• [Task to carry out]
Restate word for word all of the lines below, with each image left out.

Spatial localization data
+ + + + + + +
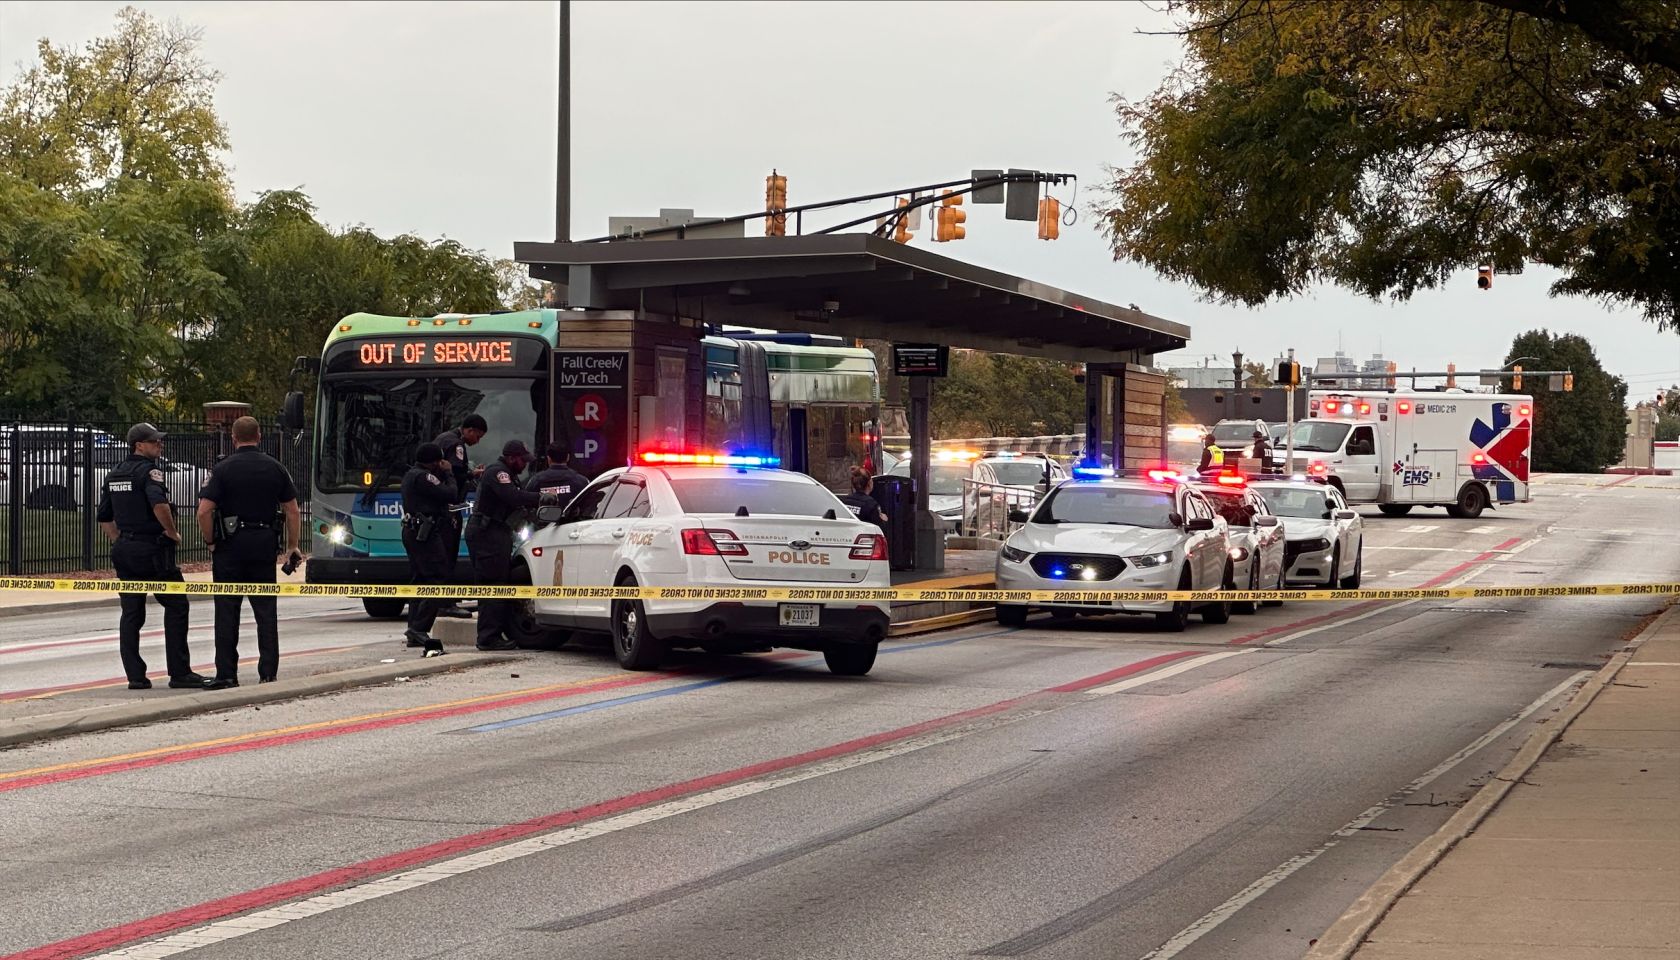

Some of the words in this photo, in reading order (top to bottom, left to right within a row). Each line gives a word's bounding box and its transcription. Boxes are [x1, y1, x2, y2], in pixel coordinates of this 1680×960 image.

[361, 344, 395, 364] OUT
[403, 343, 426, 363] OF
[434, 341, 512, 362] SERVICE
[562, 356, 583, 368] Fall
[585, 356, 624, 371] Creek/
[561, 371, 578, 386] Ivy
[580, 371, 609, 383] Tech
[1427, 406, 1445, 414] MEDIC
[1403, 470, 1429, 485] EMS
[109, 484, 132, 492] POLICE
[629, 532, 654, 546] POLICE
[768, 551, 831, 566] POLICE
[792, 609, 814, 620] 21037
+ + + + + + +
• [Answer for the task]
Some of the words in this photo, in reading order (top to bottom, left to right within a row). Each line gives a word's bounding box and its transcription. Boxes are [x1, y1, x2, y2], in pixel coordinates of this 1680×960 image.

[361, 344, 395, 364] OUT
[403, 343, 426, 363] OF
[434, 341, 512, 362] SERVICE
[562, 356, 583, 368] Fall
[585, 356, 624, 371] Creek/
[561, 371, 578, 386] Ivy
[580, 371, 609, 383] Tech
[1427, 406, 1445, 414] MEDIC
[1403, 470, 1429, 485] EMS
[109, 484, 132, 492] POLICE
[629, 532, 654, 546] POLICE
[768, 551, 831, 566] POLICE
[792, 609, 814, 620] 21037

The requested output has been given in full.